On the second question, when I was there there was also a lot of debate among academics and the people involved in this reform process on the role of the military. We as a government have decided not to give our opinion on that particular matter, because we thought we should leave the reform process to take its course, to allow a good debate within the group of people.
There is some concern that the military has been running the country, not only in the government sense but also in the administration in the local regions and in the food delivery and the liaison between a lot of the community and the government.
Sometimes the military are used for the development-assistance effort in some regions. Some are good, some are bad. Some of them abuse their authority.
As well, when they negotiate for the military to withdraw from involvement in politics, some academics, some people, feel there might be a smoother transition to allow the military to phase out in about five years.
So there was a lot of debate going on at that time. We decided not to impose a position upon them.
Mr. Daniel Turp: You met President Habibie yourself, did you?
Mr. Raymond Chan: Yes, I did.
Mr. Daniel Turp: Could you tell us what his position is on that issue, and on the issue of East Timor?
Mr. Raymond Chan: We did not discuss the participation of the military, in our conversation.
Mr. Daniel Turp: Why not? Why didn't you discuss it with it him?
Mr.
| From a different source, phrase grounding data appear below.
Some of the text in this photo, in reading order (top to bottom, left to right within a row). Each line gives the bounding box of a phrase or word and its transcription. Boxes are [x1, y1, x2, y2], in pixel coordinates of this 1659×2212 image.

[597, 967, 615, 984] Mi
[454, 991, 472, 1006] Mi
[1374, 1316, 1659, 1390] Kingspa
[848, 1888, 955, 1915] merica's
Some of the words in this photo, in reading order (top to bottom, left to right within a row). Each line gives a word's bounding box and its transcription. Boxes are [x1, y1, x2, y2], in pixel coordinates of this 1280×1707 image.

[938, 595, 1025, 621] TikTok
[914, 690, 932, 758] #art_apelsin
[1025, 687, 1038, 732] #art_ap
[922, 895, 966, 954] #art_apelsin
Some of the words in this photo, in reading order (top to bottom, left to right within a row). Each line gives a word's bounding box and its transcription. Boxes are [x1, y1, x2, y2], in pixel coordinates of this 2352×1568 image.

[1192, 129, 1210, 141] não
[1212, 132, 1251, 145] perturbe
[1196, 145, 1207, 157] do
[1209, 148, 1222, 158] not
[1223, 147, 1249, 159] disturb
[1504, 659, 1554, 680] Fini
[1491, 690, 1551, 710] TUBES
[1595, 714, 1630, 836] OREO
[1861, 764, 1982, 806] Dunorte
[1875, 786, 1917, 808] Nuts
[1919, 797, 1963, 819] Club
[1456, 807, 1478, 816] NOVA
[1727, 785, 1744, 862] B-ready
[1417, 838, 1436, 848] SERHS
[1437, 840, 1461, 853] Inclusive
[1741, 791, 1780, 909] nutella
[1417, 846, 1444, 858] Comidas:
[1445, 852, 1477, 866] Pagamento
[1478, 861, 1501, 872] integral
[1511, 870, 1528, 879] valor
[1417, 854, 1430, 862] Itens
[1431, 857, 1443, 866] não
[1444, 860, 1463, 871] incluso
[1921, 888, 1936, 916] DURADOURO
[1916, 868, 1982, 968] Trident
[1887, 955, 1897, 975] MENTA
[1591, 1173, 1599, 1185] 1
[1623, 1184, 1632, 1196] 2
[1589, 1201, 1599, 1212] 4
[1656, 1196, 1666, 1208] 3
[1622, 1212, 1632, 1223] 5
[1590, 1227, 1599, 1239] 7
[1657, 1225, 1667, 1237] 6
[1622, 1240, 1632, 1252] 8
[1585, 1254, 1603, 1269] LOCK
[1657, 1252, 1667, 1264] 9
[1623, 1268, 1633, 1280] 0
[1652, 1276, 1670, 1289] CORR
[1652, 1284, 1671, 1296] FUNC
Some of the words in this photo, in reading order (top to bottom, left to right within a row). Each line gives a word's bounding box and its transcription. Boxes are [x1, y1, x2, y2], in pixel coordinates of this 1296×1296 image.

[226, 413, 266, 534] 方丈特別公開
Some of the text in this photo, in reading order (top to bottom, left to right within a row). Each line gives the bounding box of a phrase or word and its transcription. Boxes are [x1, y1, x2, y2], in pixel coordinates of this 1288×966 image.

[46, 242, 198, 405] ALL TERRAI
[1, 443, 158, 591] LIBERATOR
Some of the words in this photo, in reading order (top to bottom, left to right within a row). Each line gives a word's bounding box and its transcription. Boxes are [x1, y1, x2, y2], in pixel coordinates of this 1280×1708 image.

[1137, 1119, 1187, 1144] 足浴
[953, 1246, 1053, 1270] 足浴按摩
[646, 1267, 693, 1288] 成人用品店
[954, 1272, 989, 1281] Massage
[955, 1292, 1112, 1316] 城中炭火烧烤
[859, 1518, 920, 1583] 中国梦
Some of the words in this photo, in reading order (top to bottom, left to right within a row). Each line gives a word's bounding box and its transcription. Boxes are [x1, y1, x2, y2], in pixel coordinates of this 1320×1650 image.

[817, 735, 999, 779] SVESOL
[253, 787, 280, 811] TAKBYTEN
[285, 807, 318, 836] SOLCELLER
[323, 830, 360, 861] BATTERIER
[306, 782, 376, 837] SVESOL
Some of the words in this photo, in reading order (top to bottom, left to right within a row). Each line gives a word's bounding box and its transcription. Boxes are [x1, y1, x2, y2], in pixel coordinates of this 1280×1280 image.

Raymond Chan: Because in the time we had, half an hour, we actually engaged in a big debate on the ethnic Chinese issue. We spent a lot of our time debating that particular issue. We pushed for and urged them to keep their hands off the investigation by the joint fact-finding team.
So a lot of other issues were debated and discussed in this meeting.
Mr. Daniel Turp: Did you talk about East Timor with the president?
Mr. Raymond Chan: Yes, we did talk about that.
Mr. Daniel Turp: What was his position on East Timor?
Mr. Raymond Chan: He supported the negotiation that was ongoing but without specifics of position. They are willing to give self-autonomy, or a large degree of freedom for self-autonomy, but at the time, the position of the government has always been that this would be the final negotiation, that they'd give them self-autonomy but that's it. East Timor is part of Indonesia.
That was their position.
Mr. Daniel Turp: So the issue is, this autonomy is not to close the final status; it's not the final status. It won't go further. The government doesn't want—
Mr. Raymond Chan: The government's position, to us, their open position, is, “That's it; if we give the self-autonomy, don't talk about separation any more”. That was their position.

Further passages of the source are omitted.